Sunday, July 11, 2010
Morbo and the Mollusk
Only seven nations (four from Europe) have ever won the World Cup. Today, either Holland or Spain will join that list. I like both Holland and Spain. Both nations have rich soccer traditions that capture the imagination and both teams play a positive and attractive (usually) brand of possession, attack-oriented soccer. In a way this is unfortunate. It’s all well and good to appreciate the sport and to say “well, I’d just like to see an exciting game.” But something is missing in this. The tasty juice, the mojo, the real passion of soccer is only truly experienced when you feel strongly for one team and, preferably, despise the other.

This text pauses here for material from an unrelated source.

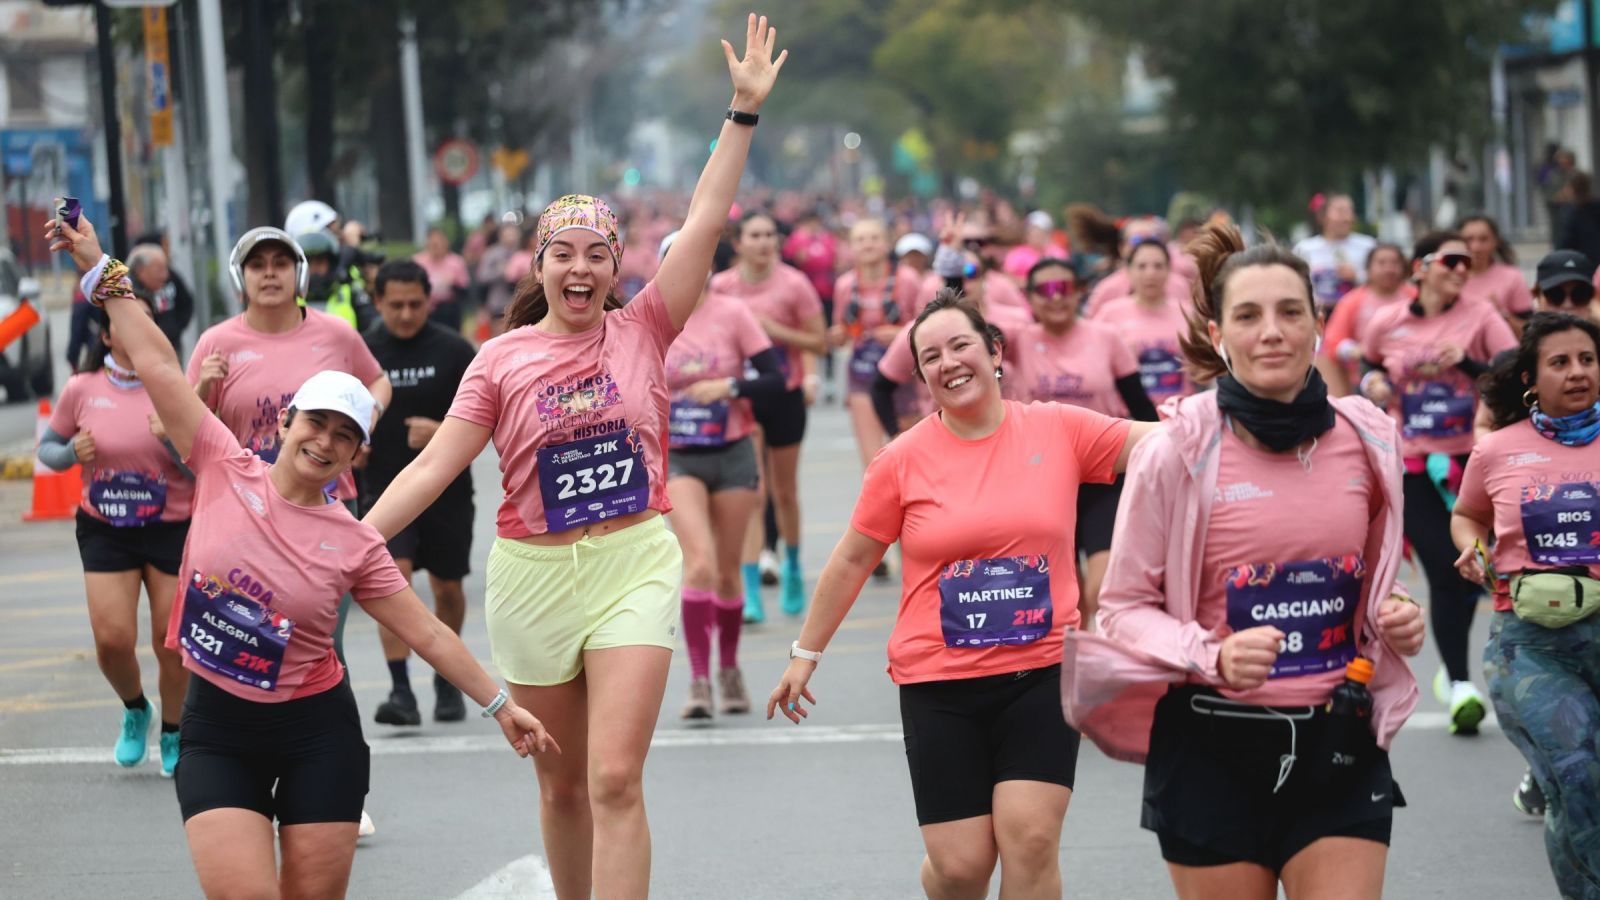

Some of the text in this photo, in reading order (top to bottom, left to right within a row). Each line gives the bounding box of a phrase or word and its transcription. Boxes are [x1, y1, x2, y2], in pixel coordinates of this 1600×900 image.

One of my favorite soccer books is Phi Ball’s Morbo, the story of Spanish Football. And Morbo might be the very thing I’m talking about. Ball explains the difficulty of the word:
It’s one of those awkward ones that defies easy translation. No matter how you try, you can’t quite nail the word down. It entails a lot of slippery little notions that just won’t rub shoulders with a convenient English synonym. Don’t bother with a dictionary, for it will only confuse you further, the word having other meanings that are not applicable to football. Most treat it as a noun and translate it as something ‘disease’, which is hardly appropriate to this context.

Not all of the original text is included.